PROBLEM DESCRIPTION —
The answer must be an exact printing of every record below, with the pictures omitted.

Data excerpts
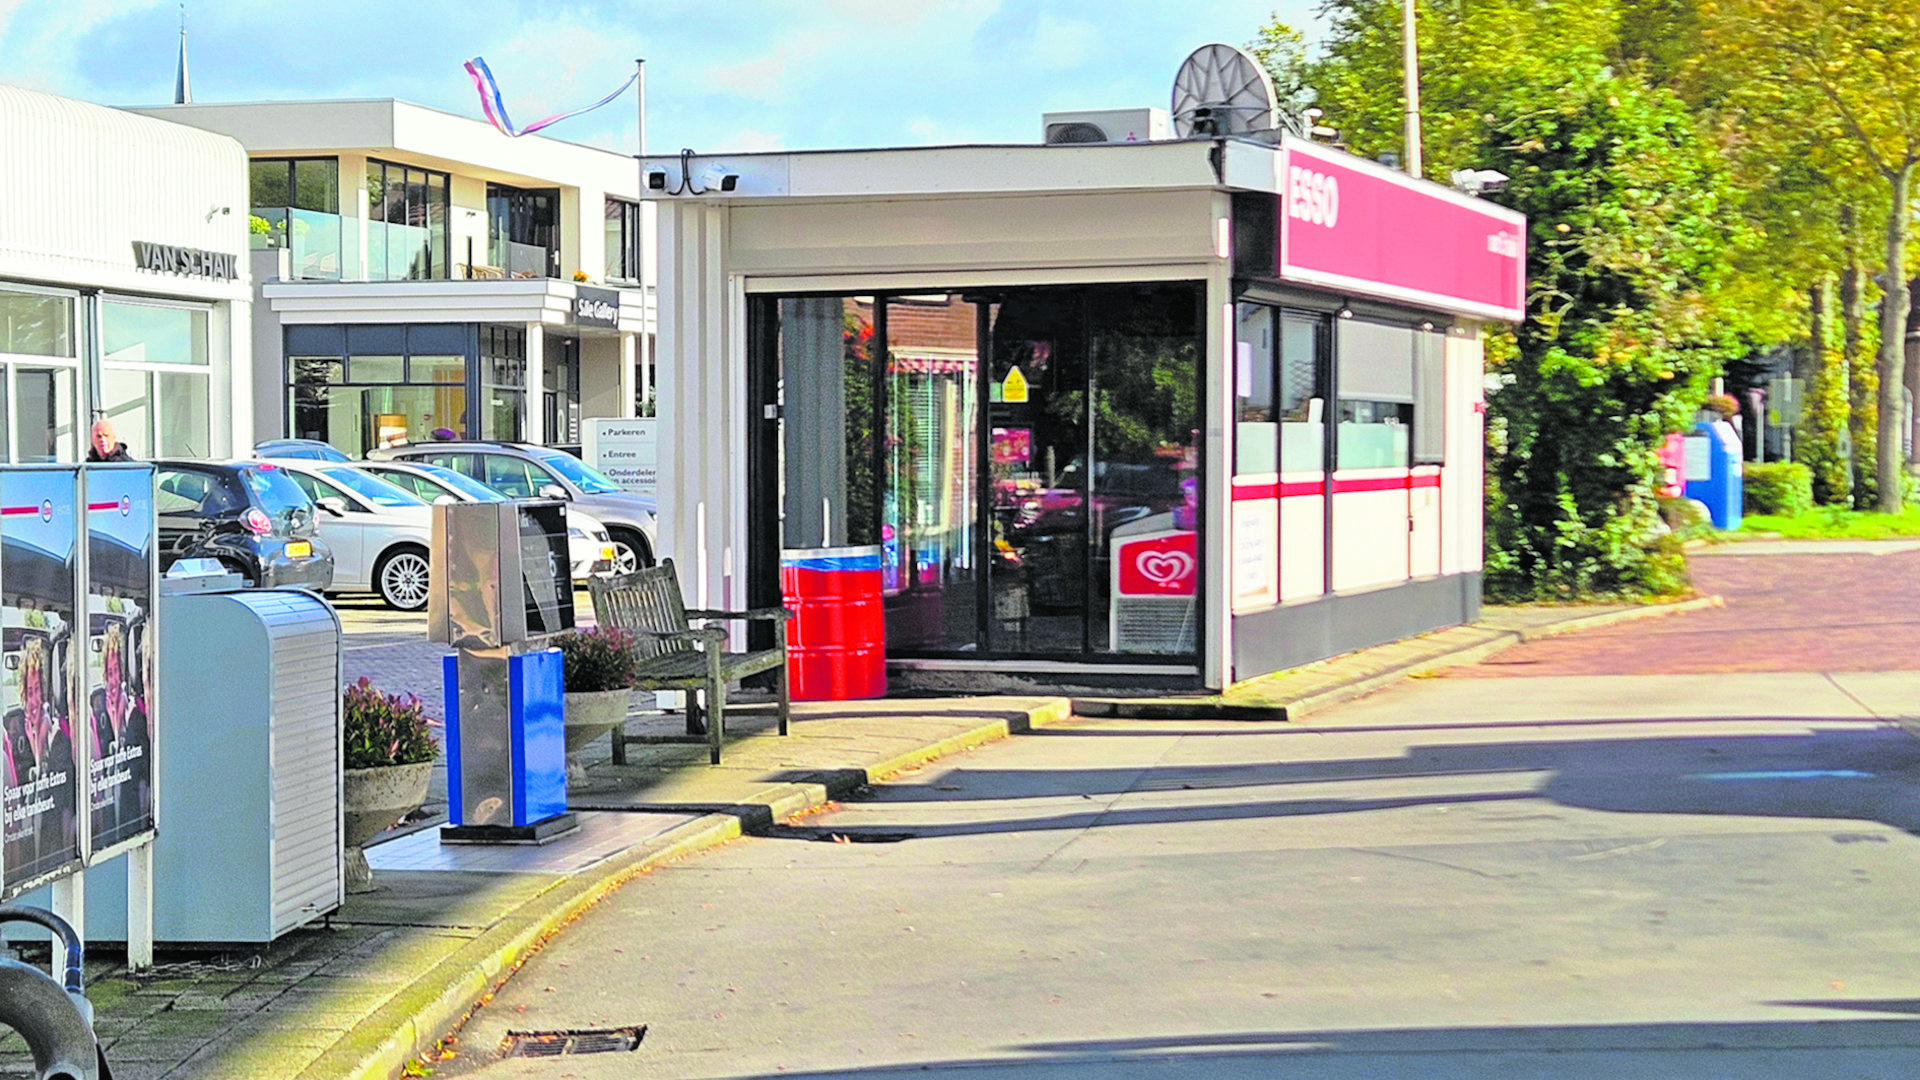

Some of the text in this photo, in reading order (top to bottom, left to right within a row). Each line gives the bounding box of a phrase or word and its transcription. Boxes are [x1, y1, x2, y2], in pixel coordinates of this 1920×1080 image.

[1289, 165, 1339, 229] ESSO
[132, 241, 239, 280] VAN SCHAIK
[594, 300, 618, 325] Gallery
[607, 428, 646, 436] Parkeren
[608, 450, 637, 458] Entree
[126, 745, 143, 760] Extras
[4, 785, 22, 805] Spaar
[22, 781, 35, 796] voor
[49, 770, 67, 787] Extras
[4, 806, 13, 828] bij
[13, 804, 26, 822] elke

RESPONSE TO THE TASK —
Some of the text in this photo, in reading order (top to bottom, left to right within a row). Each line gives the bounding box of a phrase or word and its transcription. Boxes are [x1, y1, x2, y2], in pixel coordinates of this 1920×1080 image.

[1289, 165, 1339, 229] ESSO
[132, 241, 239, 280] VAN SCHAIK
[594, 300, 618, 325] Gallery
[607, 428, 646, 436] Parkeren
[608, 450, 637, 458] Entree
[126, 745, 143, 760] Extras
[4, 785, 22, 805] Spaar
[22, 781, 35, 796] voor
[49, 770, 67, 787] Extras
[4, 806, 13, 828] bij
[13, 804, 26, 822] elke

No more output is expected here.